* WHAT YOU ARE ASKED TO DO
Copy the lines below verbatim, but only from the line containing "this 1344×1512 image." through the end of the data.

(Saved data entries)
-- Opening Marker --

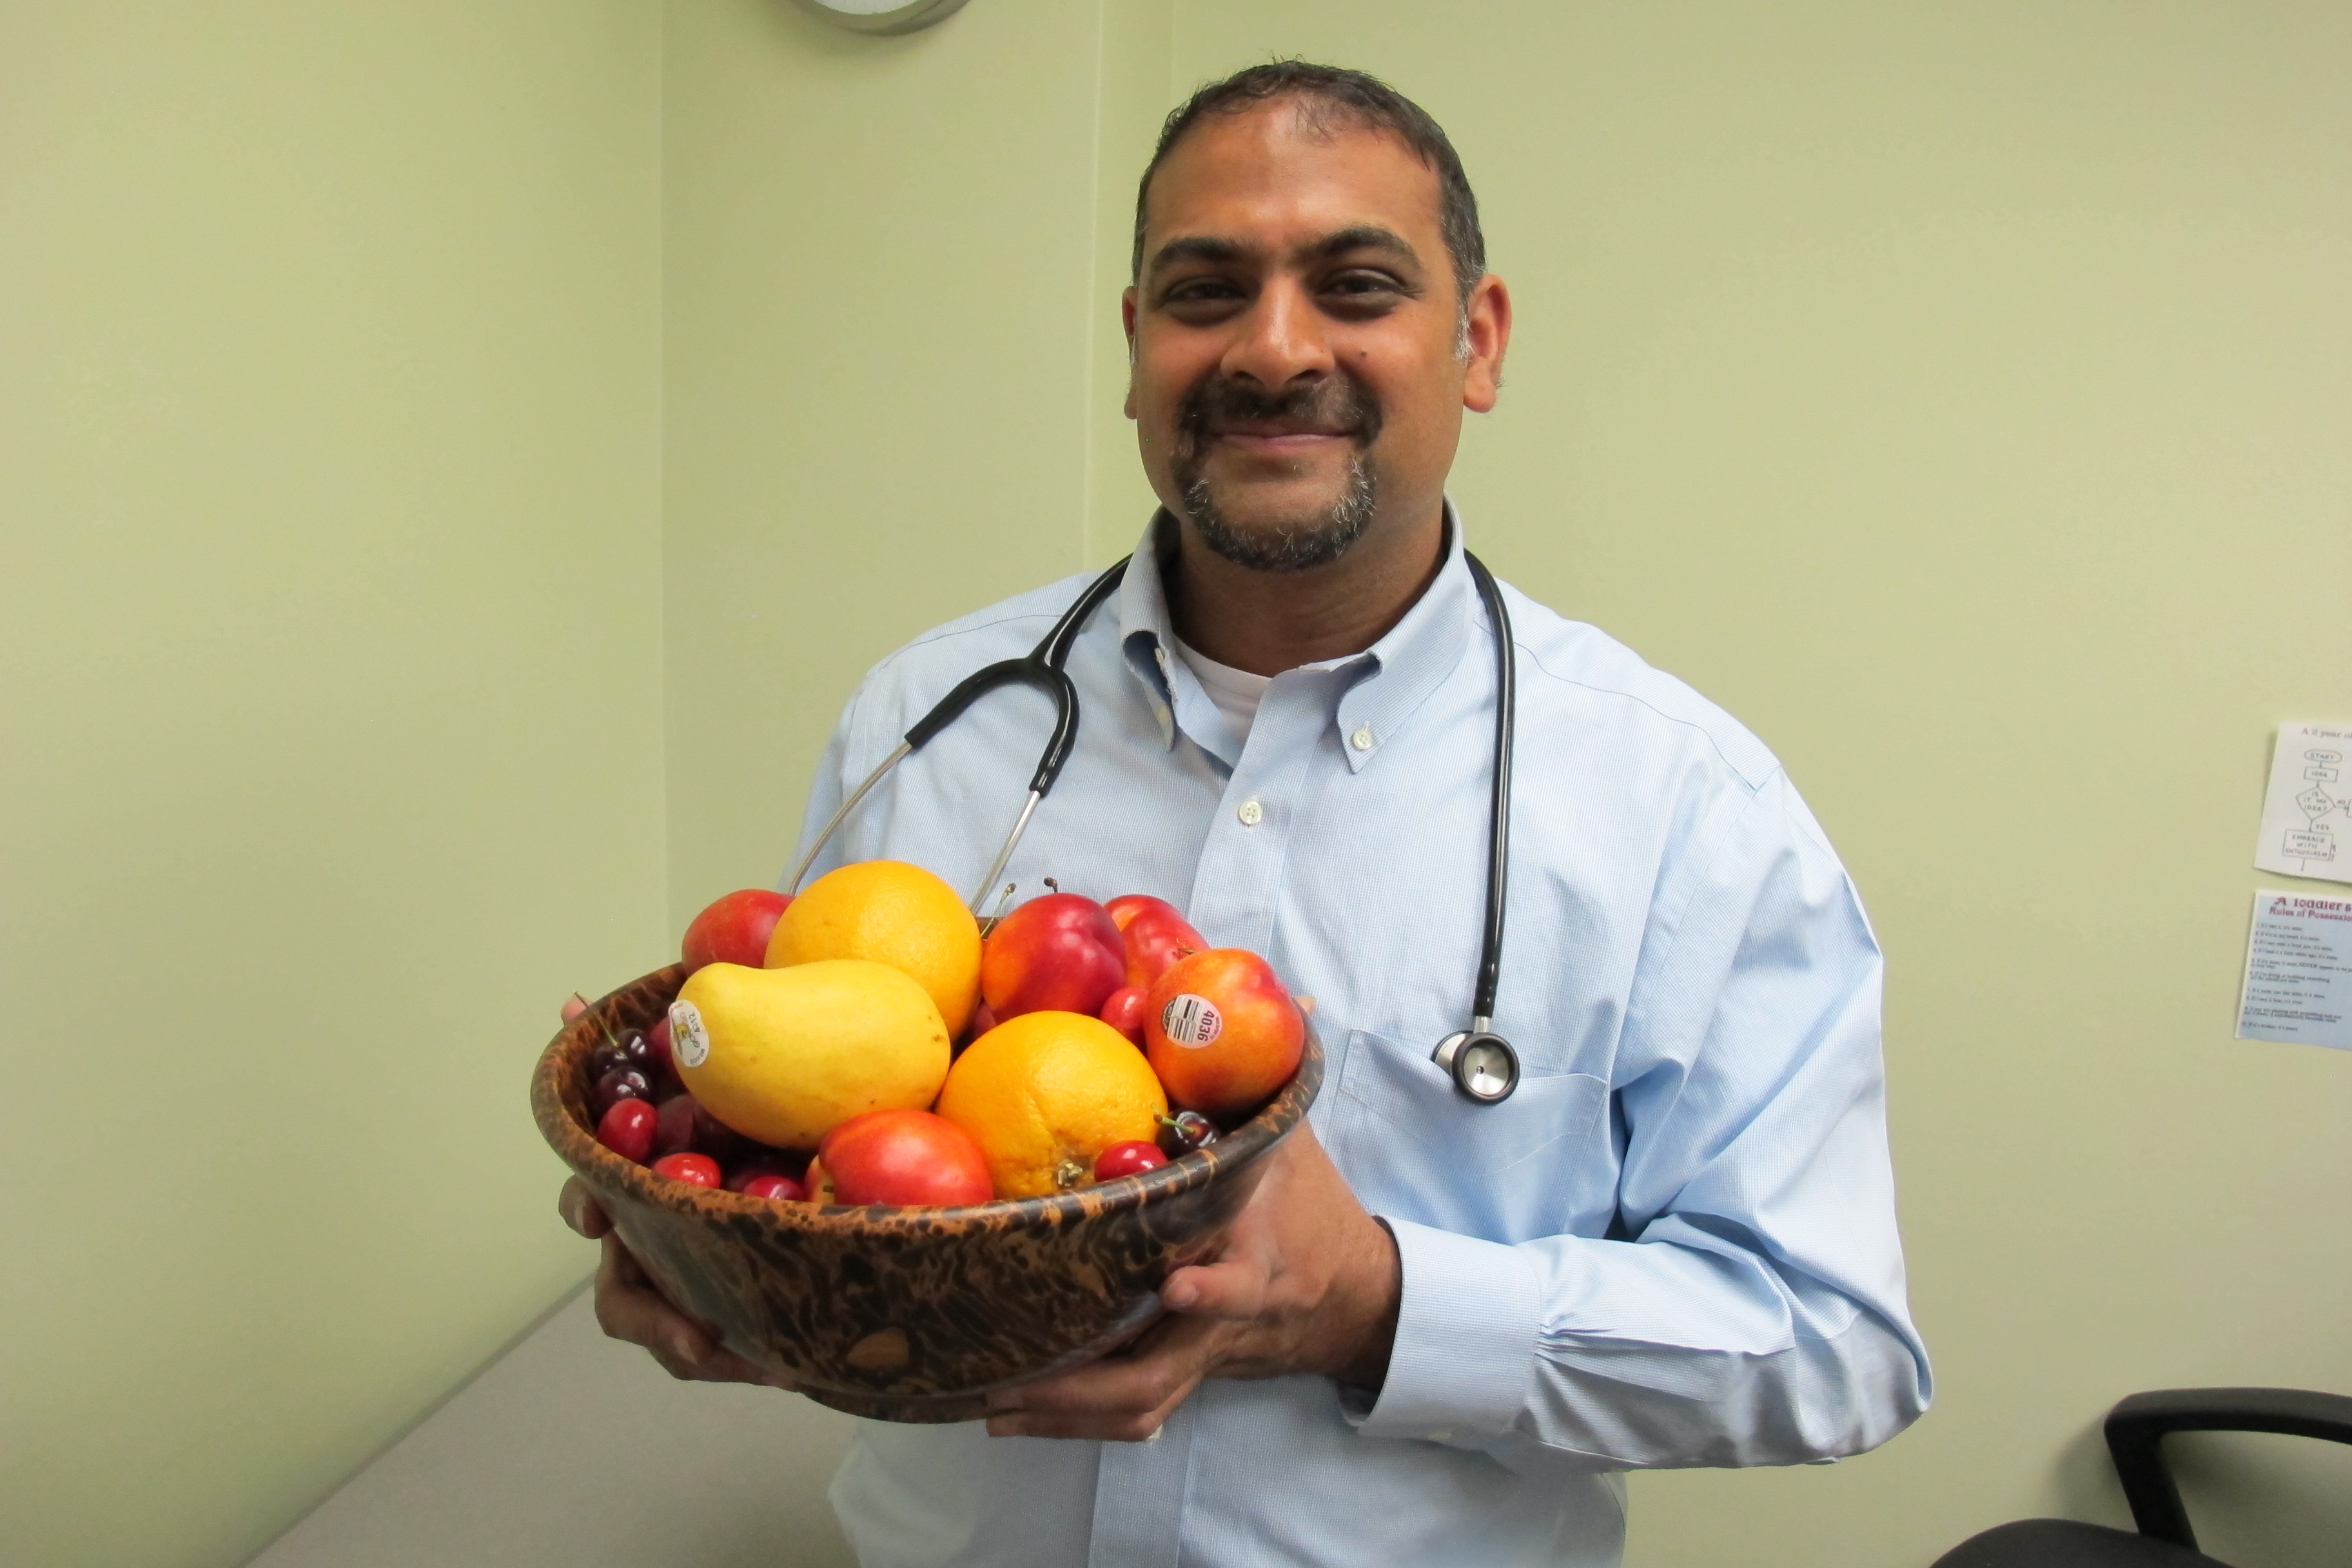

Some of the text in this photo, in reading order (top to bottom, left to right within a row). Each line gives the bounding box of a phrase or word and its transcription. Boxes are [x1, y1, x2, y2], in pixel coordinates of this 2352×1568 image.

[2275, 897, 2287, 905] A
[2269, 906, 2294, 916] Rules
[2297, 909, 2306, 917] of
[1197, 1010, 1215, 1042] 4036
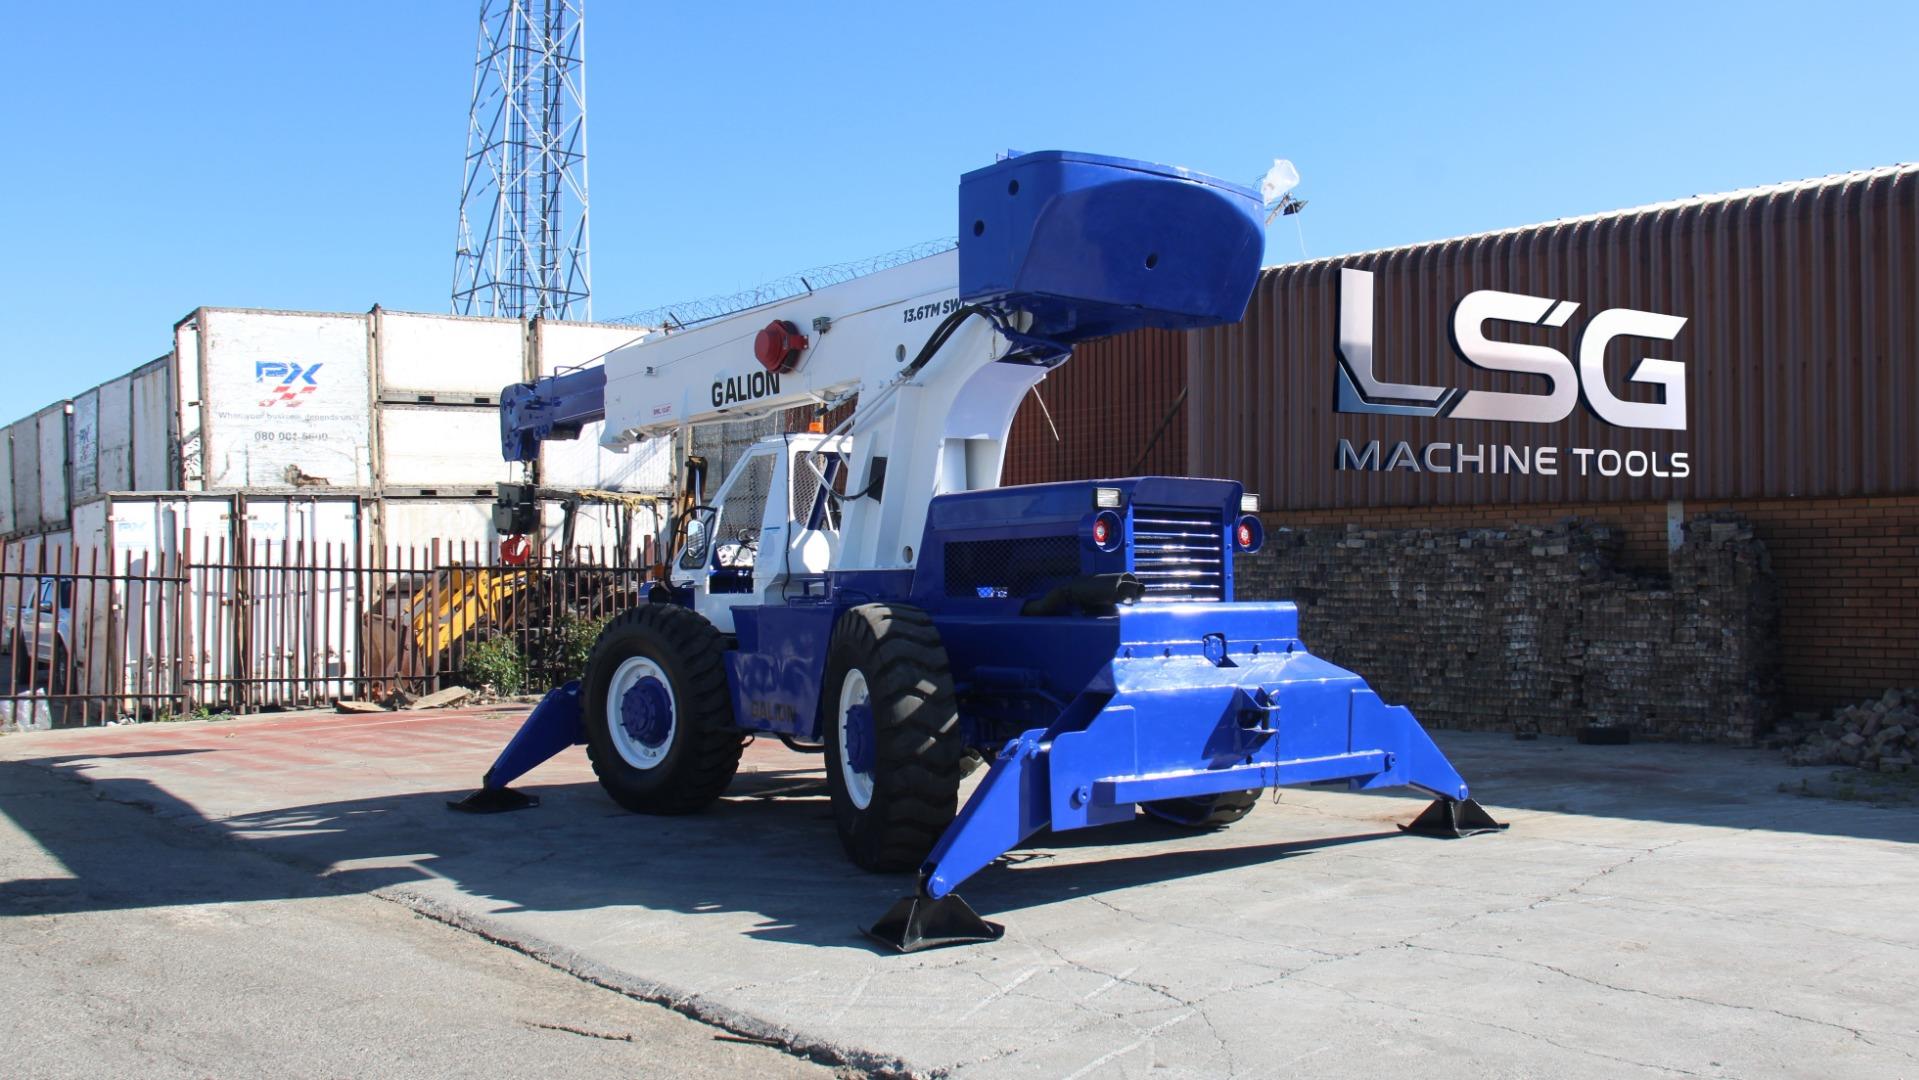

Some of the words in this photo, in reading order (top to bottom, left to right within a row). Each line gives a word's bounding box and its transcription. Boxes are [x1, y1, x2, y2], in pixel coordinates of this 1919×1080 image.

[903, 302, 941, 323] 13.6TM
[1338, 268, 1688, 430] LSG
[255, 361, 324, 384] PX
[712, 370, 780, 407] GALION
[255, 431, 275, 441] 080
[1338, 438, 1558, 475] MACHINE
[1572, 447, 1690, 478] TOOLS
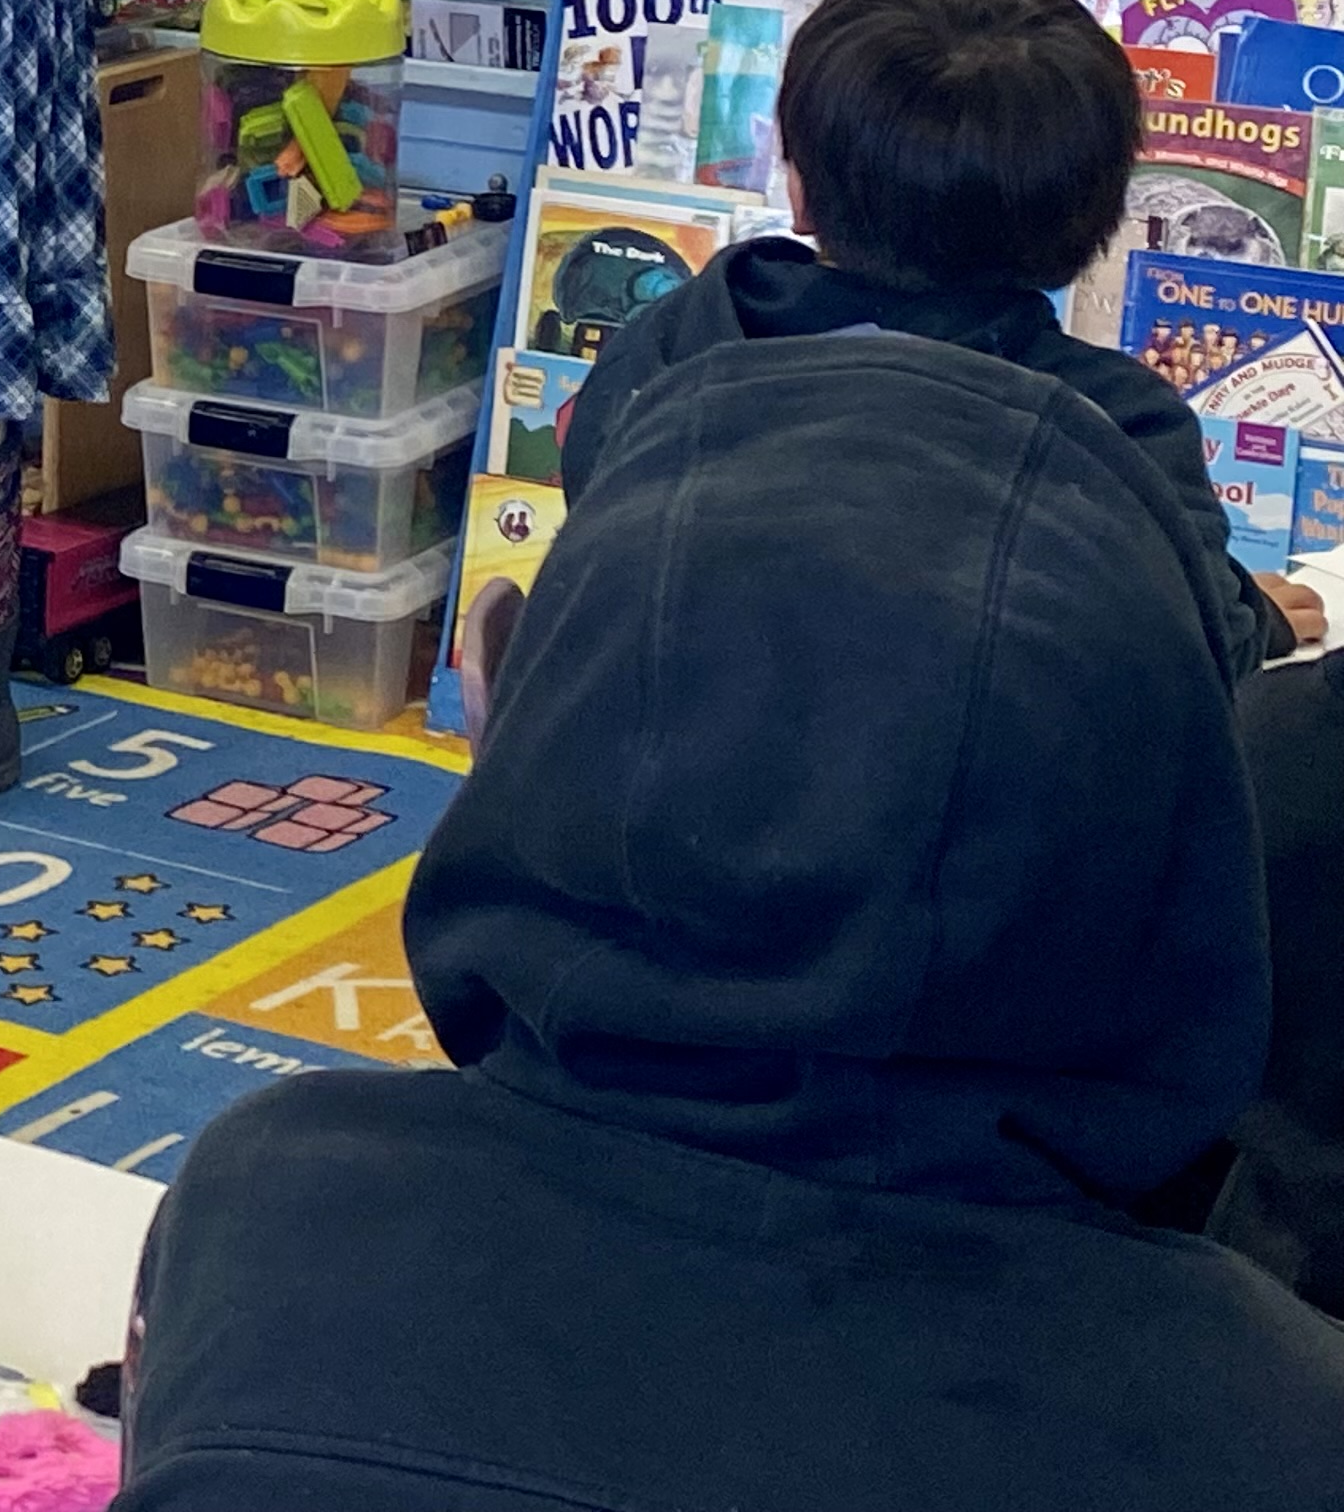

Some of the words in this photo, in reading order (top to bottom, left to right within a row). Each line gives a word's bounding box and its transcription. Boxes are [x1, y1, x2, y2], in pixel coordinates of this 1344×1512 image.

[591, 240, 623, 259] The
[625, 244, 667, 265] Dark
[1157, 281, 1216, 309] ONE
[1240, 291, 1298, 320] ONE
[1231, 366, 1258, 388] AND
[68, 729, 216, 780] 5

-- Closing Marker --

* TASK OUTPUT
Some of the words in this photo, in reading order (top to bottom, left to right within a row). Each line gives a word's bounding box and its transcription. Boxes are [x1, y1, x2, y2], in pixel coordinates of this 1344×1512 image.

[591, 240, 623, 259] The
[625, 244, 667, 265] Dark
[1157, 281, 1216, 309] ONE
[1240, 291, 1298, 320] ONE
[1231, 366, 1258, 388] AND
[68, 729, 216, 780] 5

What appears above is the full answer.